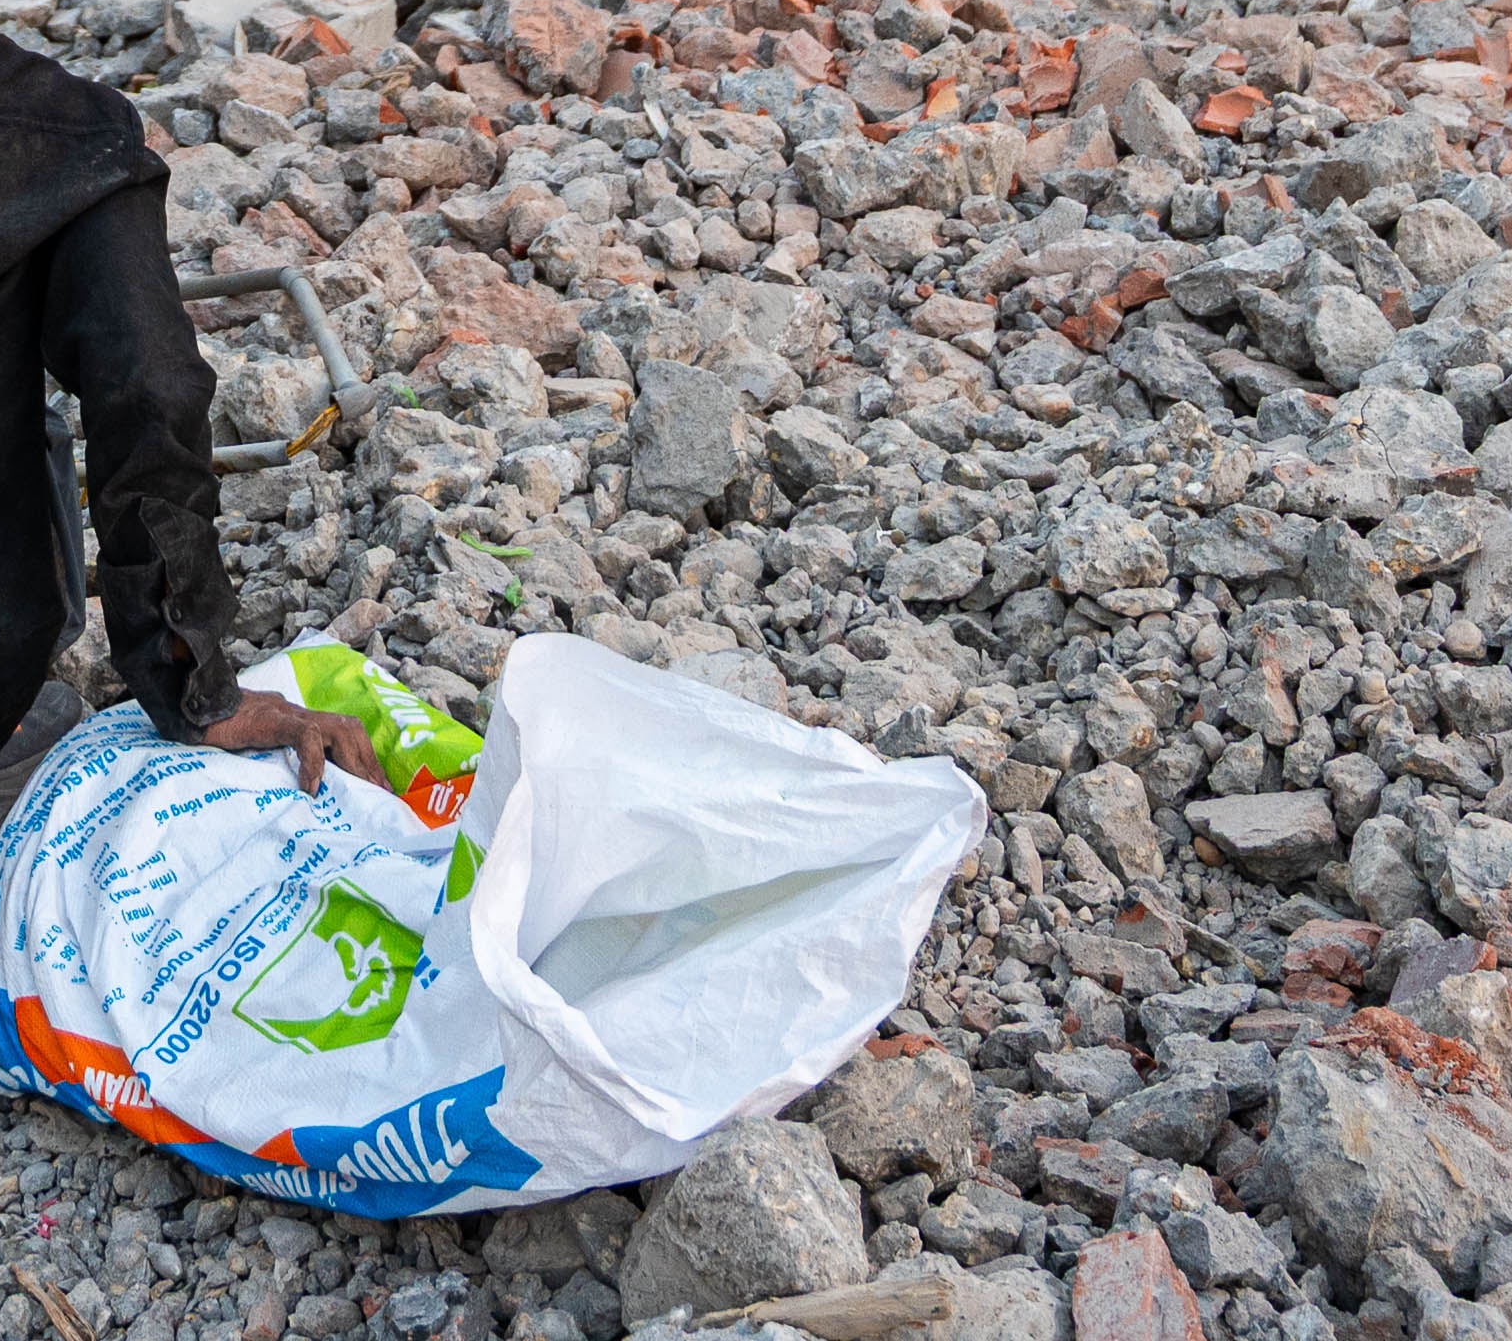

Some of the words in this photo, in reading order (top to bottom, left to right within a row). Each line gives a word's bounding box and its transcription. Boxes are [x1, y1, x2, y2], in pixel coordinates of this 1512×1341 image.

[134, 759, 206, 794] NGUYÊN
[149, 868, 178, 892] (min
[121, 903, 155, 925] (max)
[193, 917, 231, 954] DINH
[217, 935, 266, 982] ISO
[154, 981, 221, 1065] 22000
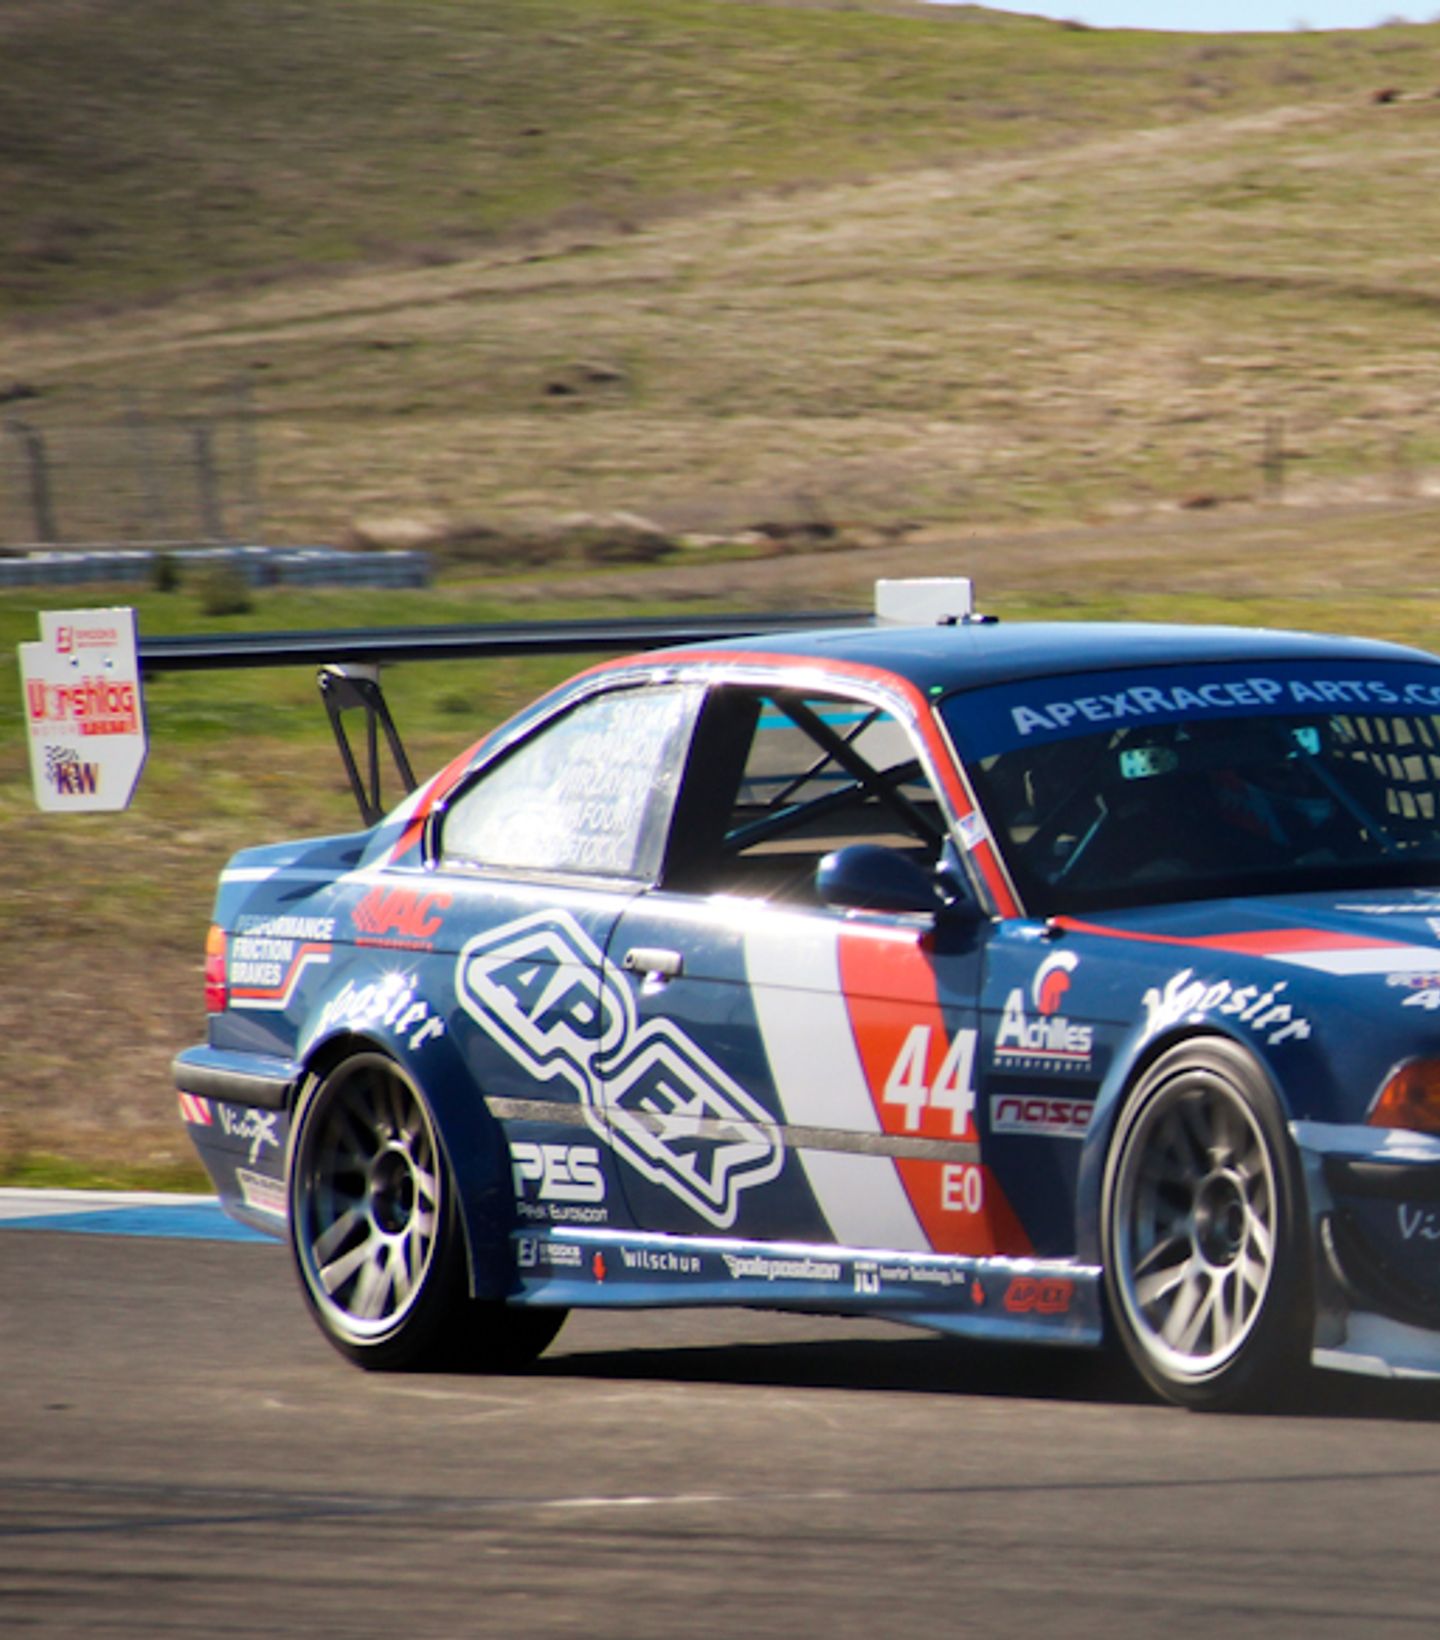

TASK ITEM - Would you restate all of the data above word for word, omitting the pictures?

RESULT BELOW -
Some of the words in this photo, in reading order (top to bottom, left to right within a row). Each line gives a word's bounding box and its transcription. Boxes are [x1, y1, x2, y2], in pixel coordinates of this 1512×1341 image.

[134, 759, 206, 794] NGUYÊN
[149, 868, 178, 892] (min
[121, 903, 155, 925] (max)
[193, 917, 231, 954] DINH
[217, 935, 266, 982] ISO
[154, 981, 221, 1065] 22000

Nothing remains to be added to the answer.